Type Ia supernovae (SNe Ia) are powerful distance indicators for cosmology because of their extreme and consistent luminosities, however the exact mechanism behind the explosion remains an open question. In order to better understand SNe Ia and improve our cosmological parameters, we need a method to distinguish between progenitor types and to characterize the local environment of individual SNe Ia. A powerful way to achieve both is through light echoes. Three-dimensional maps of the dust distribution around SNe Ia, as revealed by light echoes, can provide insight into the progenitor of the system: compact, disk-like echoes are likely caused by circumstellar material. Multi-color imaging of light echoes can also reveal properties of the dust in the local environment (e.g. dust grain size, distribution, and chemical composition). We can infer the existence of a light echo from late-time photometry of a supernova, but in order to map out the dust distribution, the light echo must be resolved. Here I present a newly identified light echo around SN 2009ig, first inferred from the late-time light curve form the Large Binocular Telescope and now resolved in archival Hubble Space Telescope images, and what we can learn about the local environment of this SN Ia.

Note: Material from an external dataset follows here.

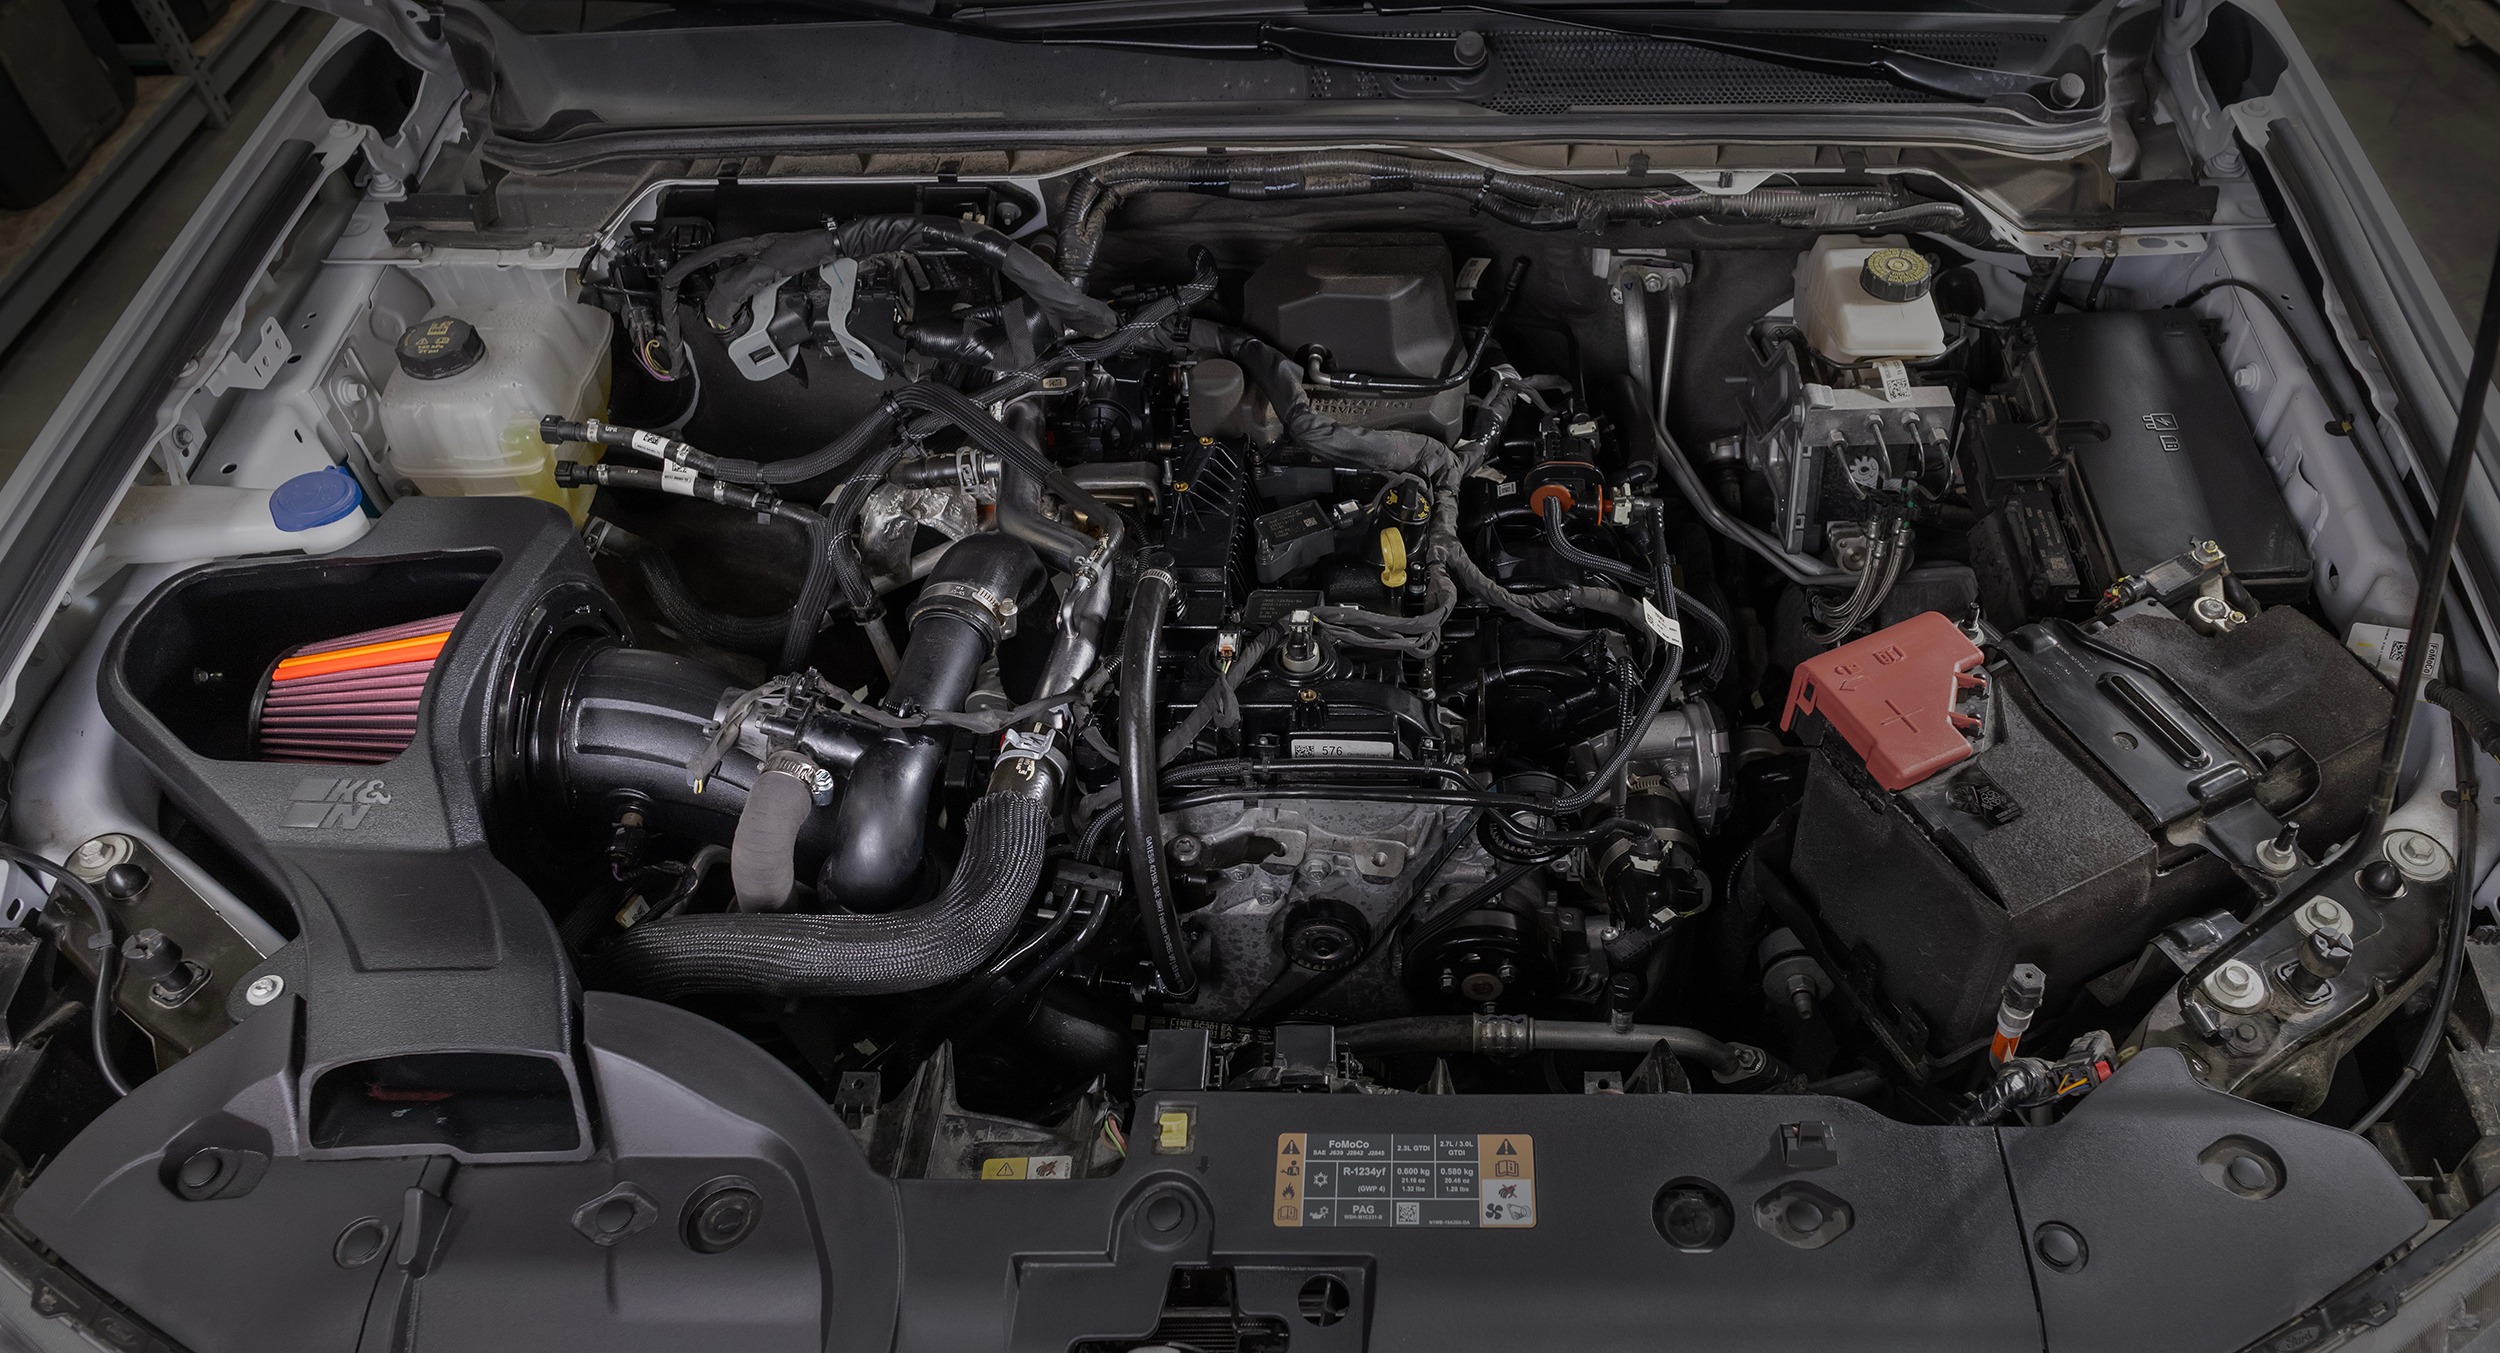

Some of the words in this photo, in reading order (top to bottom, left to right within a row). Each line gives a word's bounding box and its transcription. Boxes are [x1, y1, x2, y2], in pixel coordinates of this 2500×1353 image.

Charlotte M. Wood is a fifth-year PhD candidate at the University of Notre Dame. She works with Dr. Peter Garnavich studying type Ia supernova cosmology, light echoes, and compact binary systems. Her thesis focuses on determining type Ia progenitor types through light echoes and how the relative rate of progenitor types affects Hubble constant measurements. Previously she worked with Dr. Justin Crepp characterizing directly imaged brown dwarfs and their stellar companions. Charlotte received her Bachelor of Science in Physics from Hofstra University in 2016, where she worked with Dr. Stephen Lawrence studying light echoes and recurrent novae. She will be on the job market next year looking for postdoctoral positions.